Workplace preparedness and mitigating actions for COVID-19

March 16, 2020   |   Evidence in Integrative Healthcare

CHP is interested in helping providers treat patients as safely as possible during this time of the COVID-19 pandemic. That means sharing information about how to prepare clinics and offices and mitigate the spread of the virus in the community. It is important to slow the spread of the virus to save lives and prevent healthcare systems and hospitals from becoming overwhelmed.

Massage therapy, acupuncture, chiropractic care, and naturopathic medicine often involve close contact with patients. Per the CDC, close contact occurs when people are within six feet of one another, and transmission of the virus occurs primarily when respiratory droplets from an infected person’s cough or sneeze are inhaled by or land on the mouth, nose, and eyes of another individual. Transmission also occurs when a person touches a surface contaminated with the virus and then touches their mouth, nose, or possibly their eyes.

It is important to think about unique risks that these treatment modalities may cause because of their physical nature. We encourage providers to have a clinic discussion about ways to limit risk of transmission from providers to patients and vice versa. One example of unique risk is when a provider performs manual therapy, massage, or chiropractic adjustments to a patient’s neck; the provider is often in a seated position with their face directly above the patient’s. Because the primary transmission is through respiratory droplets, the provider has an obligation to limit any such respiratory droplets from falling onto the patient. These droplets can also occur while talking – not just coughing or sneezing – and there is limited data that transmission of the coronavirus can occur in asymptomatic individuals. One suggestion is for the provider to turn their face away from the patient, suspend talking while treating a patient’s neck, or to avoid treating the neck all together, especially in a vulnerable patient populations such as older individuals or individuals with complicating health conditions. If you note other unique risks to integrative healthcare practices and their solutions, please feel free to share those with us at

If you plan to see patients with respiratory infections in your office, please refer to the full list of precautions and action steps for Healthcare Facilities from the CDC at 

The following list is intended for Healthcare Providers (HCP) who wish to treat only well patients at their clinics, with the understanding that it is still possible for a patient to begin to show signs of a respiratory infection for the first time during the treatment visit, and that there is risk of transmission from infected individuals who are asymptomatic.

Preparing Your Practice

We understand that healthcare clinics come in all sizes and have unique needs.  Below is an adapted list of actions and steps from the CDC as well as examples of how these actions might look in your practice, with special consideration for chiropractic and naturopathic physicians, acupuncturists, and massage therapists.

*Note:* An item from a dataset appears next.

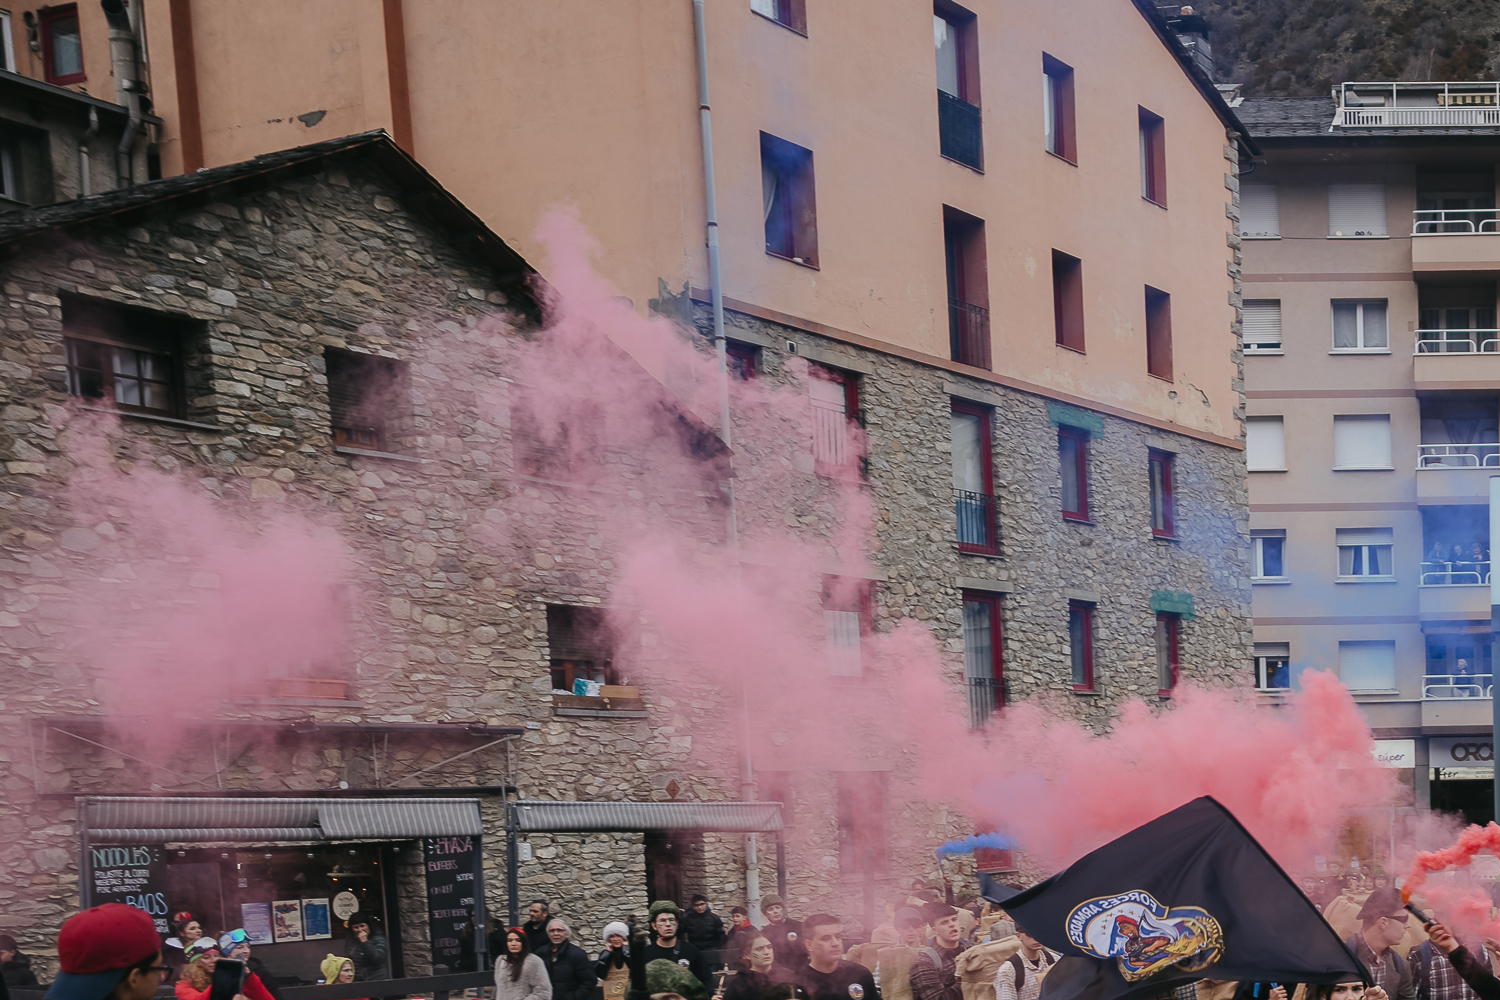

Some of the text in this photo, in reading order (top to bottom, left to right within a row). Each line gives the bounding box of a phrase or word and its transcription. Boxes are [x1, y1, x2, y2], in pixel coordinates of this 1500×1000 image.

Minimize Chance for Exposures

Ensure facility policies and practices are in place to minimize exposures to respiratory pathogens including SARS-CoV-2, the virus that causes COVID-19. Measures should be implemented before patient arrival, upon arrival, throughout the duration of the patient’s visit, and until the patient’s room is cleaned and disinfected. It is particularly important to protect individuals at increased risk for adverse outcomes from COVID-19 (e.g. older individuals with comorbid conditions), including healthcare providers (HCP) who are in a recognized risk category.

Before Arrival
  • When scheduling appointments for routine, non-illness care, instruct patients to call ahead and discuss the need to reschedule their appointment if they develop symptoms of a respiratory infection on the day they are scheduled to be seen.
Upon Arrival and During the Visit
  • Post visual alerts  (e.g., signs, posters) at the entrance and in strategic places (e.g., waiting areas, elevators, cafeterias) to provide patients and HCP with instructions (in appropriate languages) about hand hygiene, respiratory hygiene, and cough etiquette. Instructions should include how to use tissues to cover nose and mouth when coughing or sneezing, to dispose of tissues and contaminated items in waste receptacles, and how and when to perform hand hygiene.
  • Provide supplies for respiratory hygiene and cough etiquette, including alcohol-based hand sanitizer (ABHS) with 60-95% alcohol, tissues, and no-touch receptacles for disposal at healthcare facility entrances, waiting rooms, and patient check-ins.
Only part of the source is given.